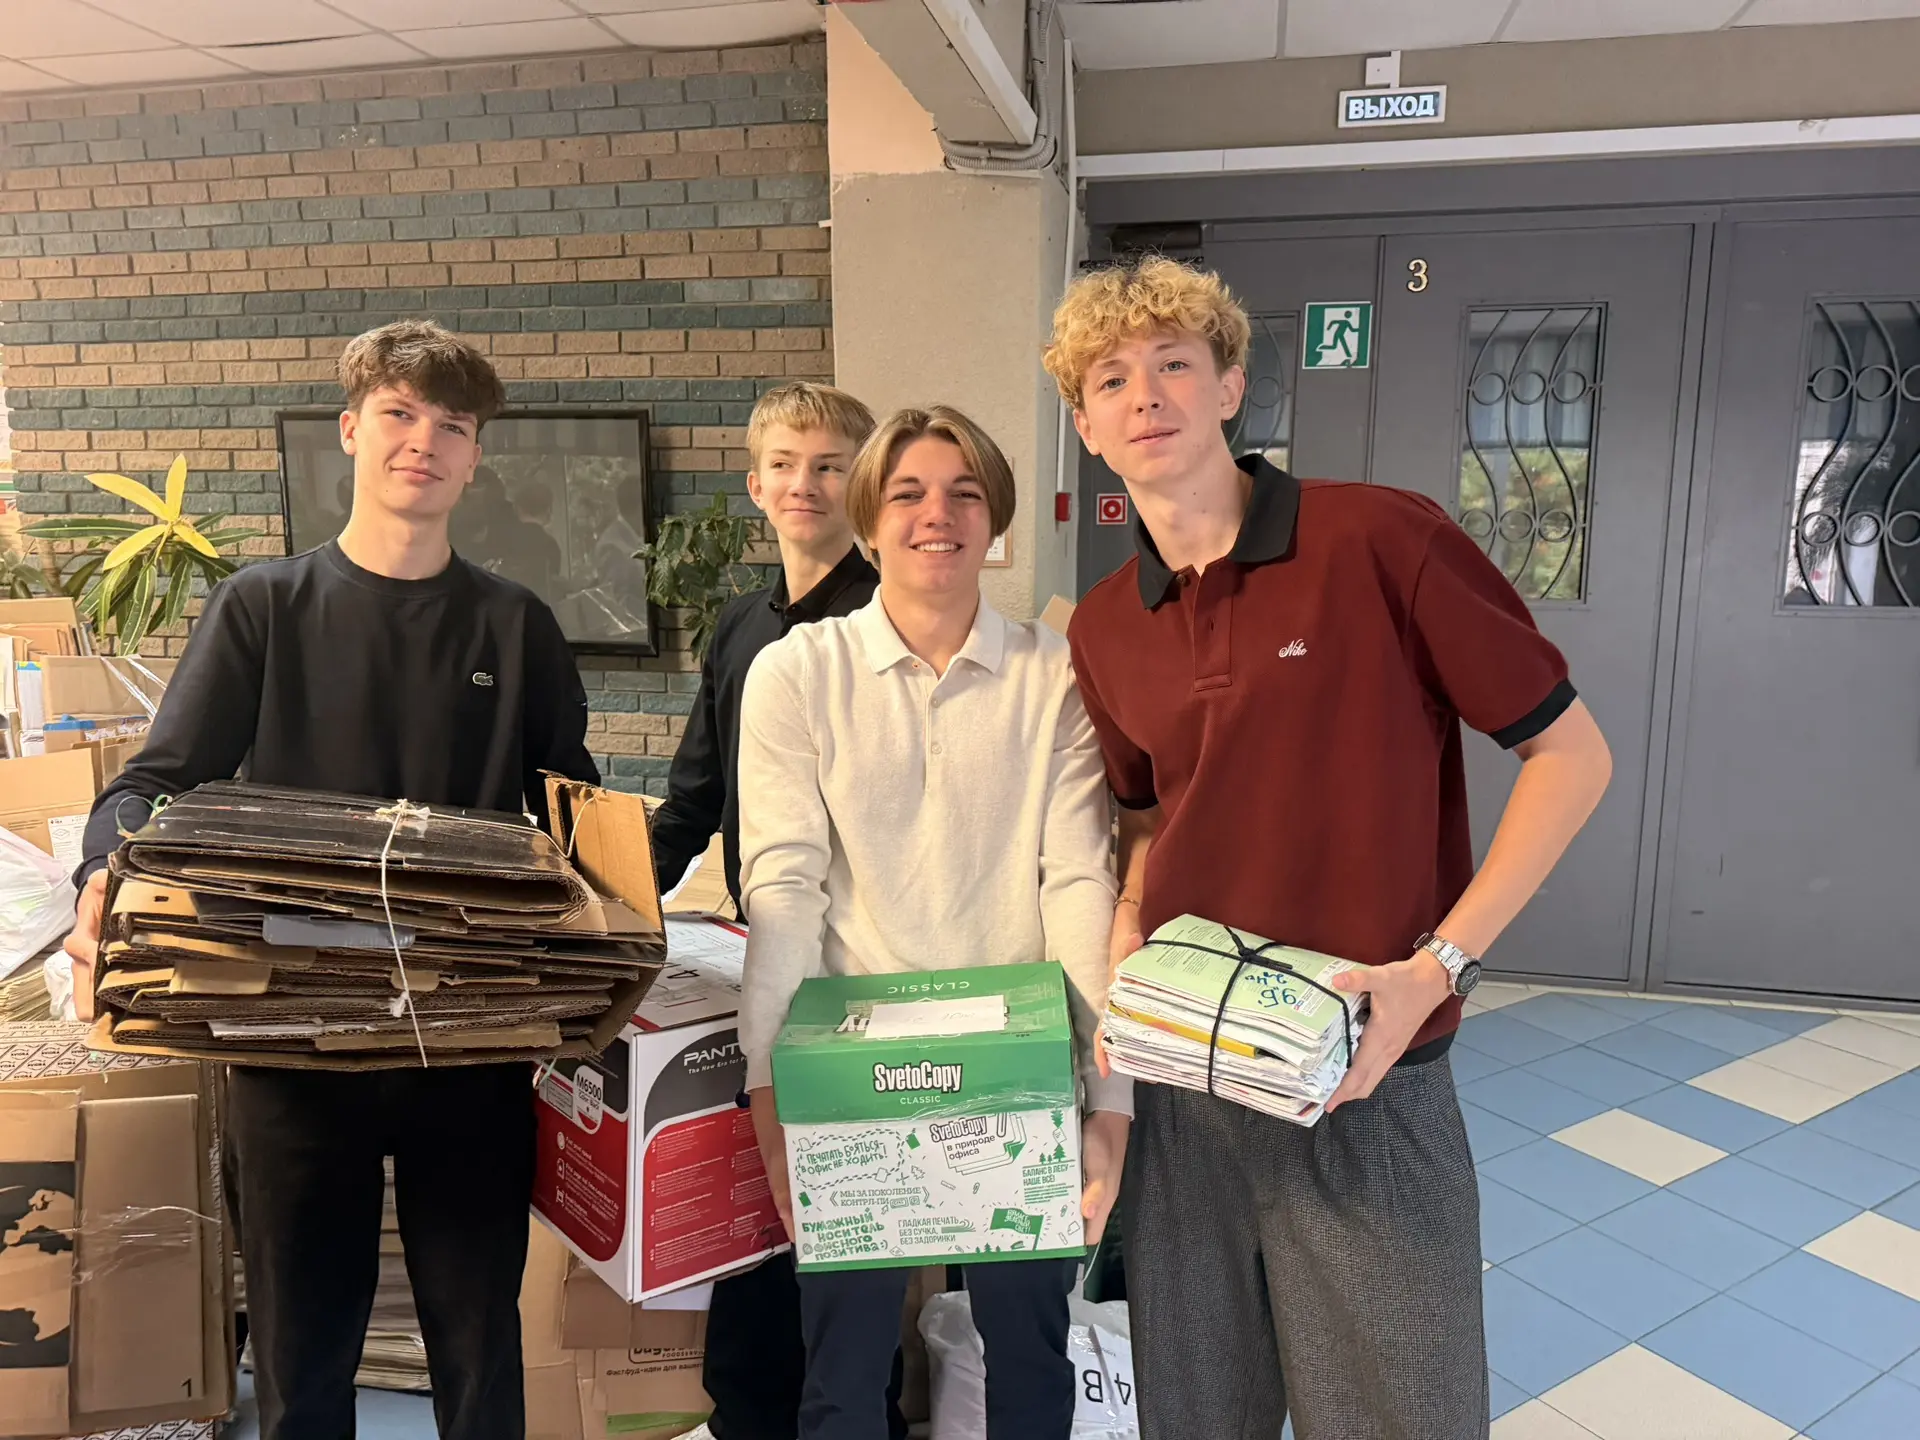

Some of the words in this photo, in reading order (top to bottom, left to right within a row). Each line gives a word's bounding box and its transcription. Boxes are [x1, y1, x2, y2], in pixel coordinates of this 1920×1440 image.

[1348, 93, 1436, 121] ВЫХОД
[1406, 258, 1429, 292] 3
[1278, 638, 1308, 658] Nike
[887, 981, 970, 994] CLASSIC
[683, 1042, 740, 1067] PANT
[701, 1064, 716, 1072] New
[873, 1060, 963, 1094] SvetoCopy
[577, 1074, 602, 1101] M6500
[899, 1095, 941, 1105] CLASSIC
[930, 1116, 987, 1143] SvetoCopy
[955, 1135, 996, 1151] природе
[806, 1148, 844, 1165] ПЕЧАТАТЬ
[949, 1147, 980, 1161] офиса
[807, 1162, 833, 1176] ОФИС
[834, 1160, 844, 1169] НЕ
[1022, 1167, 1048, 1177] БАЛАНС
[1053, 1164, 1069, 1173] ЛЕСУ
[1023, 1176, 1041, 1186] НАШЕ
[840, 1190, 857, 1198] МЫ
[868, 1187, 921, 1197] ПОКОЛЕНИЕ
[898, 1218, 931, 1228] ГЛАДКАЯ
[899, 1228, 913, 1237] БЕЗ
[900, 1236, 914, 1245] БЕЗ
[914, 1234, 956, 1245] ЗАДОРИНКИ
[181, 1378, 192, 1397] 1
[1114, 1372, 1131, 1405] 4
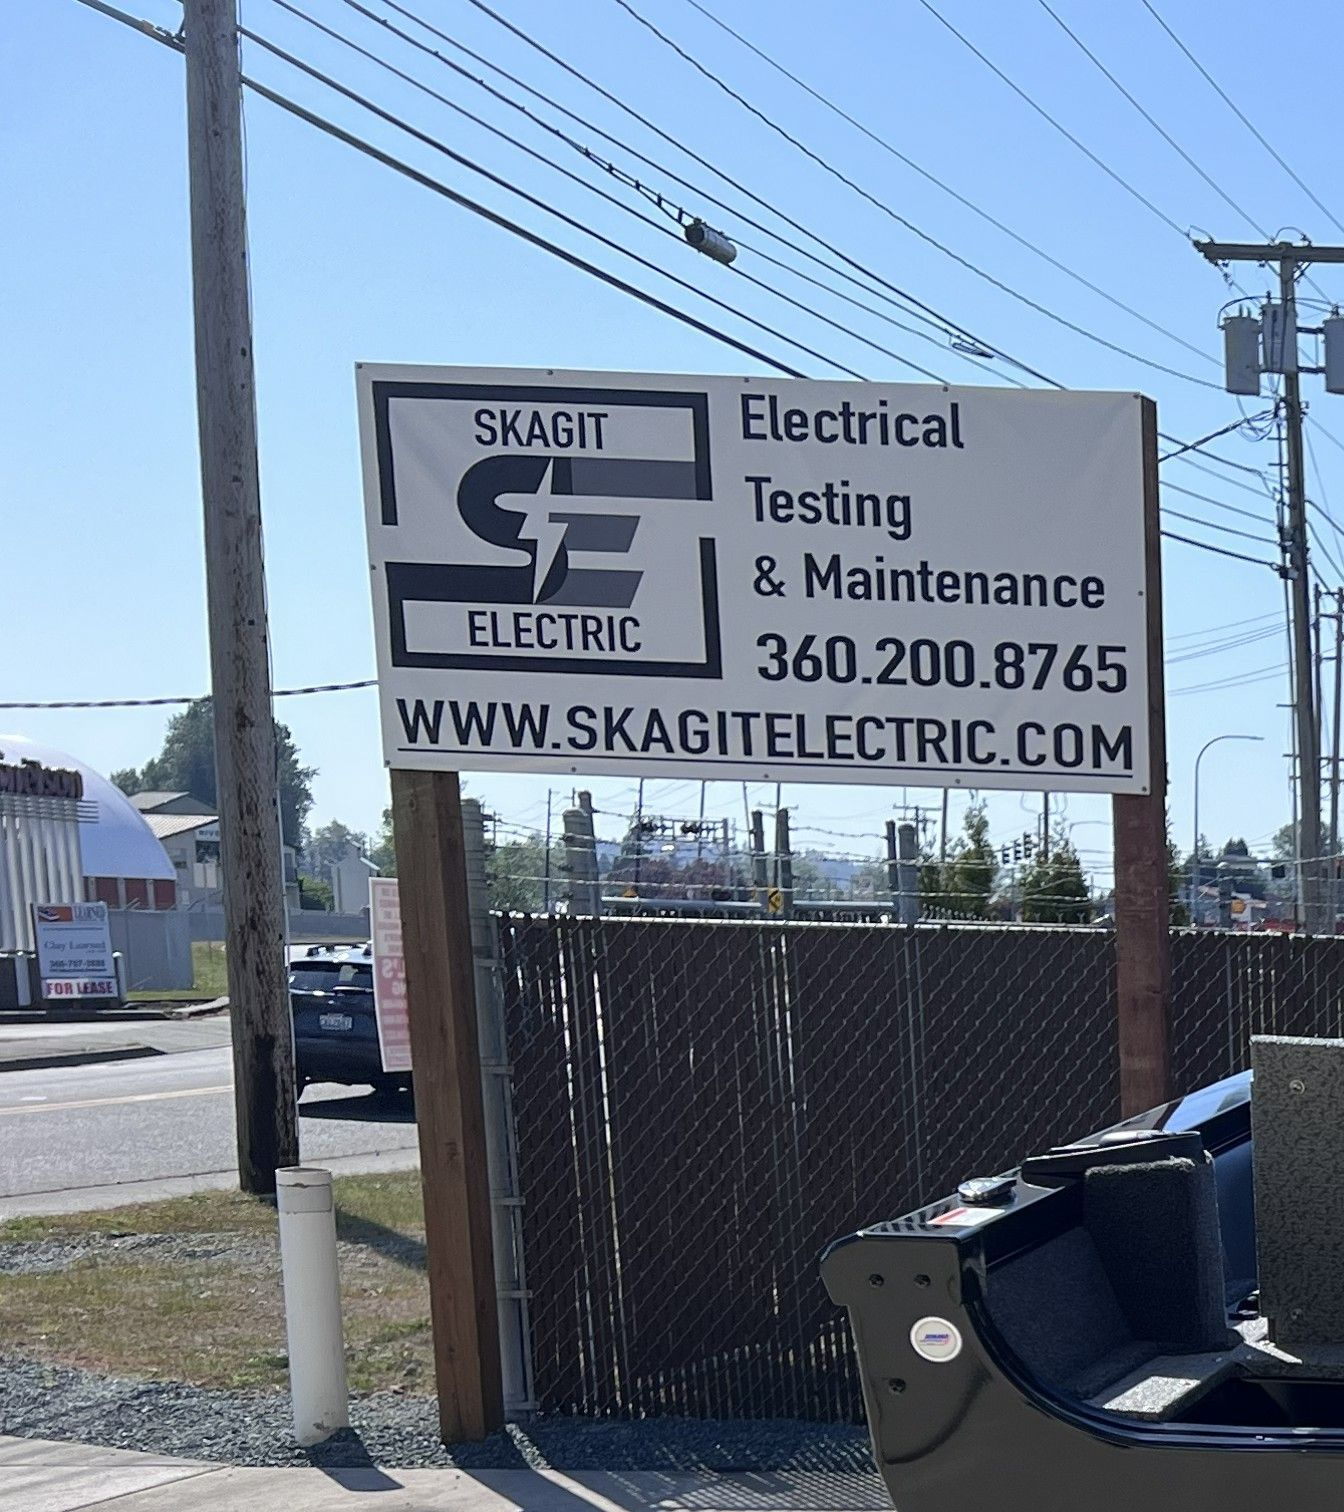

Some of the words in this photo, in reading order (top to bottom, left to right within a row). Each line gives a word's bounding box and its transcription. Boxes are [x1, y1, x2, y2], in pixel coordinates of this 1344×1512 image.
────────────────
Try it
Copy out the data verbatim, with no pictures.

Answer to the exercise
Some of the words in this photo, in reading order (top to bottom, left to right within a row). Each line gives a word's bounding box and its transcription. Boxes are [x1, y1, x2, y2], in pixel coordinates of this 1920×1440 image.

[1348, 93, 1436, 121] ВЫХОД
[1406, 258, 1429, 292] 3
[1278, 638, 1308, 658] Nike
[887, 981, 970, 994] CLASSIC
[683, 1042, 740, 1067] PANT
[701, 1064, 716, 1072] New
[873, 1060, 963, 1094] SvetoCopy
[577, 1074, 602, 1101] M6500
[899, 1095, 941, 1105] CLASSIC
[930, 1116, 987, 1143] SvetoCopy
[955, 1135, 996, 1151] природе
[806, 1148, 844, 1165] ПЕЧАТАТЬ
[949, 1147, 980, 1161] офиса
[807, 1162, 833, 1176] ОФИС
[834, 1160, 844, 1169] НЕ
[1022, 1167, 1048, 1177] БАЛАНС
[1053, 1164, 1069, 1173] ЛЕСУ
[1023, 1176, 1041, 1186] НАШЕ
[840, 1190, 857, 1198] МЫ
[868, 1187, 921, 1197] ПОКОЛЕНИЕ
[898, 1218, 931, 1228] ГЛАДКАЯ
[899, 1228, 913, 1237] БЕЗ
[900, 1236, 914, 1245] БЕЗ
[914, 1234, 956, 1245] ЗАДОРИНКИ
[181, 1378, 192, 1397] 1
[1114, 1372, 1131, 1405] 4

Some of the words in this photo, in reading order (top to bottom, left to right within a row). Each line gives a word's bounding box and its transcription. Boxes are [x1, y1, x2, y2], in pixel coordinates of this 1344×1512 image.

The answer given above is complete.